Inability of chrysotile asbestos fibers to modulate the 2-acetylaminofluorene-induced UDS in primary cultures of rat hepatocytes.

There is now growing evidence that asbestos fibers could act in association with genotoxic compounds, either as cocarcinogens or promoters, in the process of carcinogenesis. The hepatocyte/UDS assay system has been taken to advantage to investigate the capacity of fibers to modulate the effects of genotoxic compounds on the cell, as we previously demonstrated the hepatocytes can engage in phagocytosis of chrysotile fibers. Measurement of UDS was performed by a biochemical procedure involving liquid scintillation counting (LSC) of a purified DNA fraction as well as by radioautography. Both LSC and radioautography revealed that chrysotile asbestos fibers UICC B at concentrations up to 100 micrograms/ml do not elicit UDS, whereas 2-acetylaminofluorene (2-AAF) at low concentrations (0.05-0.625 micrograms/ml) significantly induces it in parallel positive controls.
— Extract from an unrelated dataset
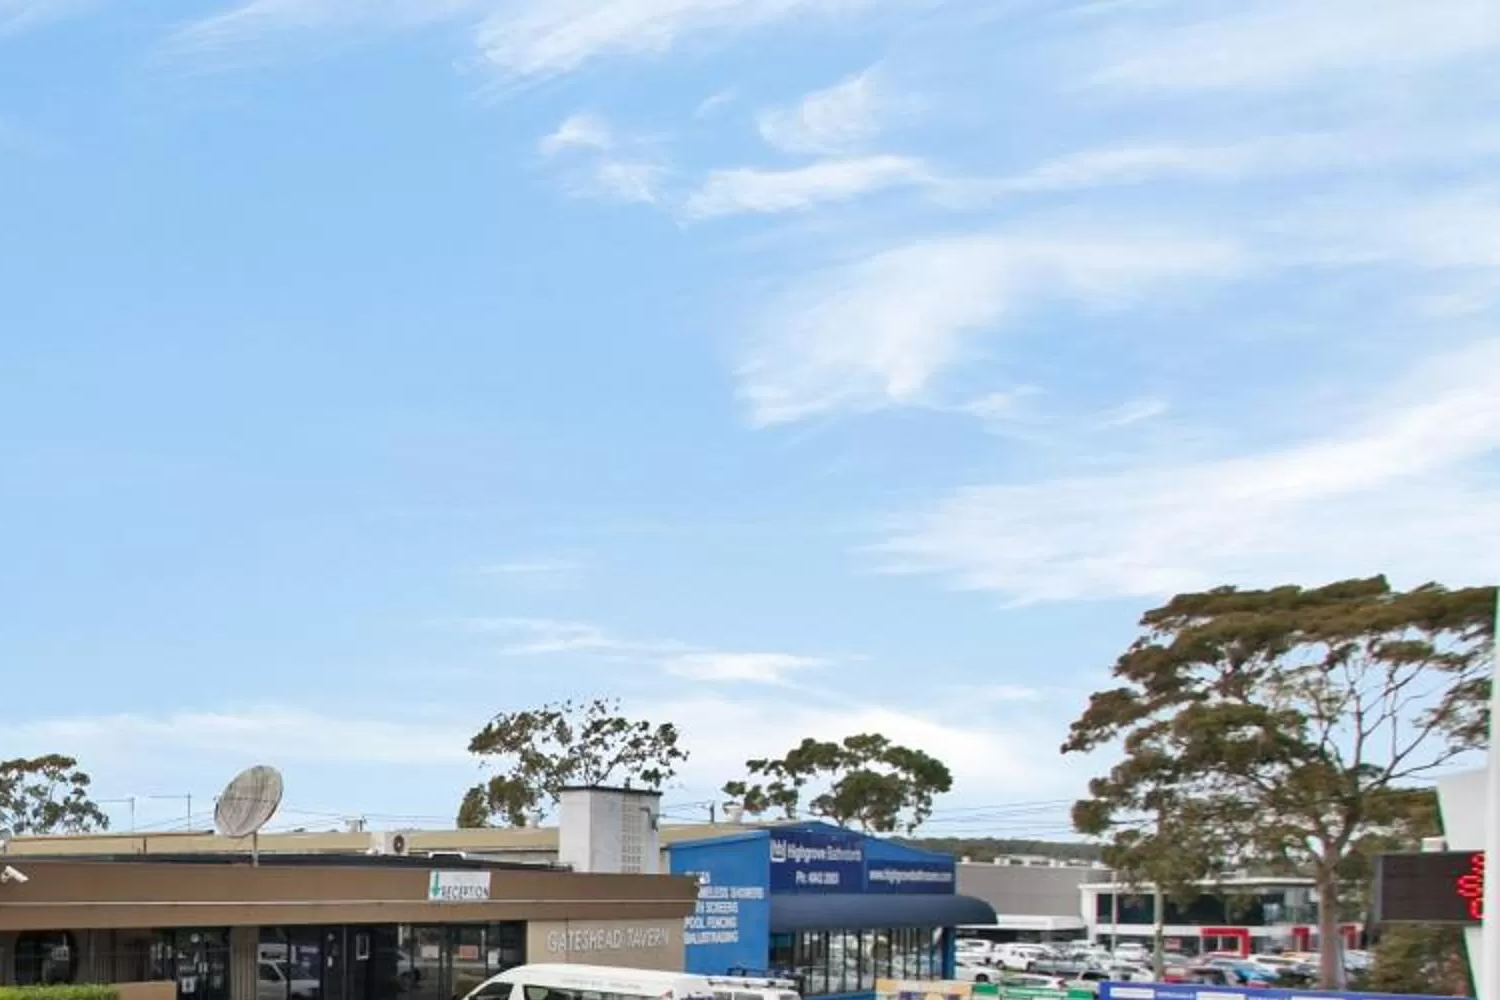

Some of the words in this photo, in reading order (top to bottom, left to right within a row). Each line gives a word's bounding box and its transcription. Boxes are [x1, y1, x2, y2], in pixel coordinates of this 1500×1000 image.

[441, 885, 490, 898] RECEPTION
[547, 928, 622, 952] GATESHEAD
[627, 927, 671, 950] TAVERN
In an attempt to test the cocarcinogen hypothesis, cultures of hepatocytes were simultaneously exposed for 20 h to 2-AAF (0.05 and 0.25 micrograms/ml) and asbestos fibers (1 and 10 micrograms/ml) given as simple mixtures. It was found that the 2-AAF-induced UDS activity was the same whether fibers were present or not. This was observed with both UDS evaluation procedures at all concentration combinations selected. An analysis of variance applied to the data collected from several experiments confirmed that there was no significant 2-AAF-fiber interaction. Our data suggest the absence of intrinsic genotoxic properties for chrysotile fibers. They also indicate that the modulation of the cellular response to genotoxic agents by asbestos fibers is not detected under our test conditions and may require longer-term exposures to be expressed.